Je ne me rappelle que trop bien les gamins qui insultait ma grand-mère de sorcière parce qu’elle tenait la bibliothèque un peu obscure à côté de leur école, avait des cheveux blancs, une démarche peu assurée. Traiter une femme de sorcière, c’est dénoncer sa laideur, ses cheveux gris, sa sexualité trop débridée, sa solitude, son amour des chats noirs, des plantes qui tuent, qui soignent, les fleurs méconnues. Ces gamins d’hier ignoreront à jamais à quel point je suis fière d’être le portrait craché de cette « sorcière » – bien que plus jeune pour l’instant. Ils ignorent peut-être aussi que les femmes aux cheveux gris qu’ils ont chéris ont probablement subit les mêmes moqueries.
Où que je le rencontre, le mot « sorcière » aimante mon attention, comme s’il annonçait toujours une force qui pouvait être mienne. Quelque chose autour de lui grouille d’énergie. Il renvoie à un savoir au ras du sol, à une force vitale, à une expérience accumulée que le savoir officiel méprise ou réprime. J’aime aussi l’idée d’un art que l’on perfectionne sans relâche tout au long de sa vie, auquel on se consacre et qui protège de tout, ou presque, ne serait-ce que par la passion que l’on y met. La sorcière incarne la femme affranchie de toutes les dominations, de toutes les limitations ; elle est un idéal vers lequel tendre, elle montre la voie.
Sorcières – Mona chollet
J’aime et j’ai toujours aimé les sorcières. Petite, déjà, je me voyais sorcière, parce que les sorcières, elles étaient badass, surpuissantes, indépendantes, intelligentes, elles avaient une collection de bouquins qui faisait rêver la petite de souris de bibliothèque que j’étais, elles étaient des geeks auxquelles je m’identifiais, des filles que j’aurais voulu être.
Je m’appelle Marie. Je suis née en 1991, j’ai grandi dans les années 90 avec une télévision et les débuts du web. J’ai passé mes samedis après-midi avec Willow Rosenberg (Buffy), j’ai étudié avec Hermione Granger (Harry Potter), j’ai ri avec Salem et Sabrina Spellman (Sabrina l’Apprentie Sorcière), j’ai suivi les sœurs Halliwell (Charmed), j’ai été charmée par Galadriel (Seigneur des anneaux), j’ai feuilleté les BD Mélusine, j’ai voyagé avec les Dames du Lac de Bradley, j’ai combattu aux côtés de Yuna et Lulu (Final Fantasy X). Mes journées étaient parsemées d’autant de figures inspirantes.

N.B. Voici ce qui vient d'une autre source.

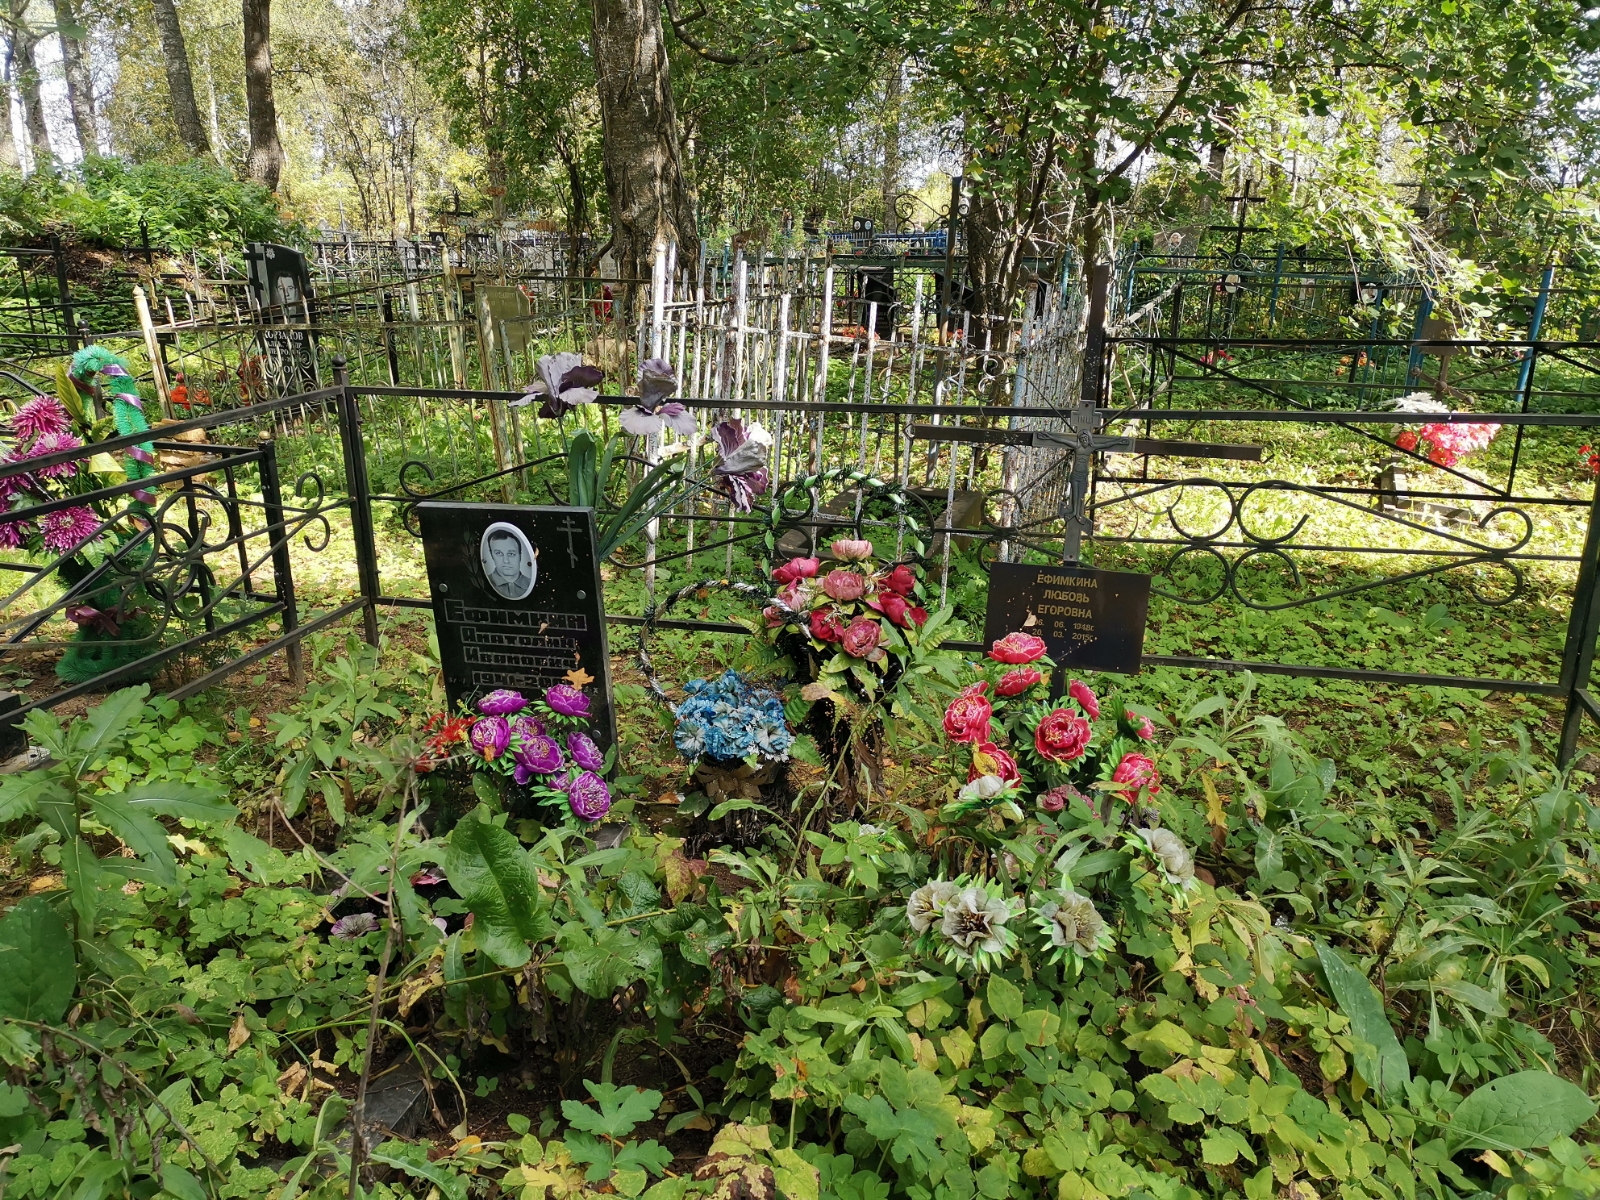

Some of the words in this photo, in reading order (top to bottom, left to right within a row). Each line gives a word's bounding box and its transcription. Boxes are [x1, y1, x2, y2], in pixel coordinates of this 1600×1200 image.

[1036, 573, 1098, 589] ЕФИМКИНА
[1042, 589, 1090, 604] ЛЮБОВЬ
[1037, 604, 1093, 619] ЕГОРОВНА
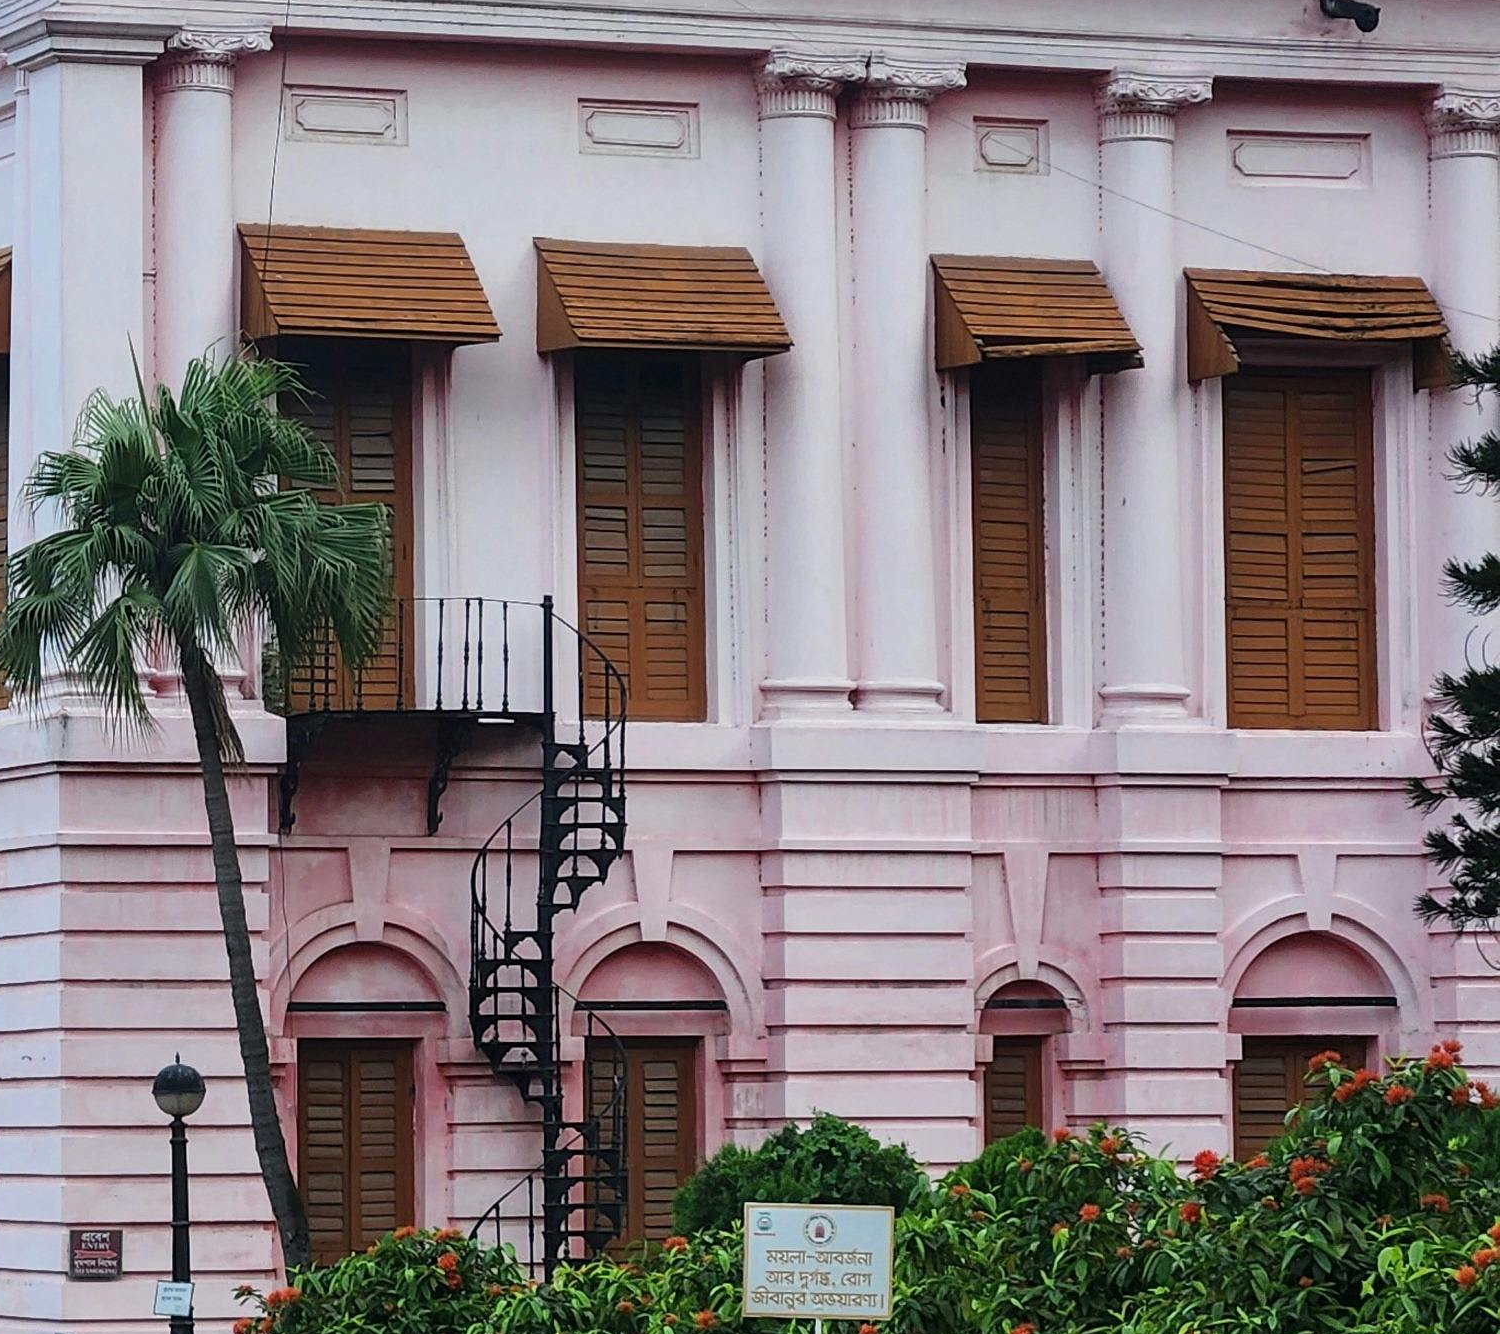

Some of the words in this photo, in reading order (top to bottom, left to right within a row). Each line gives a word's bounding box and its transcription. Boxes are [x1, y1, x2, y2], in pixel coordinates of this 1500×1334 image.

[81, 1242, 111, 1250] ENTRY
[765, 1270, 795, 1285] আর
[841, 1272, 873, 1287] রোগ

Depuis mon plus jeune âge, j’étais fascinée par les sorcières. Je me rappelle même, avec un petit sourire moqueur, mon ébauche de roman sur les sorcières de Salem sur lequel j’avais passé des heures et des heures à faire des recherches, tentant de comprendre pourquoi ces personnes avaient été condamnées au bûcher. Je me revois essayant de fabriquer des feuilles en papier mâché pour obtenir un look grimoire. J’ai été bercée et embarquée dans les mondes fantasy. La sortie en 2001 du Seigneur des Anneaux a profondément marqué mon esprit. Je voulais marcher en Terre du Milieu, au milieu de cette nature sauvage, cueillir les plantes magiques, et rencontrer elfes, nains, hobbit et magiciens. Mon amour pour ce film, et ensuite les livres, m’a poussée à créer mon premier blog. J’avais 11 ans. Ce loisir a orienté toute ma carrière professionnelle puisque j’ai décidé de travailler dans le web et la communication numérique.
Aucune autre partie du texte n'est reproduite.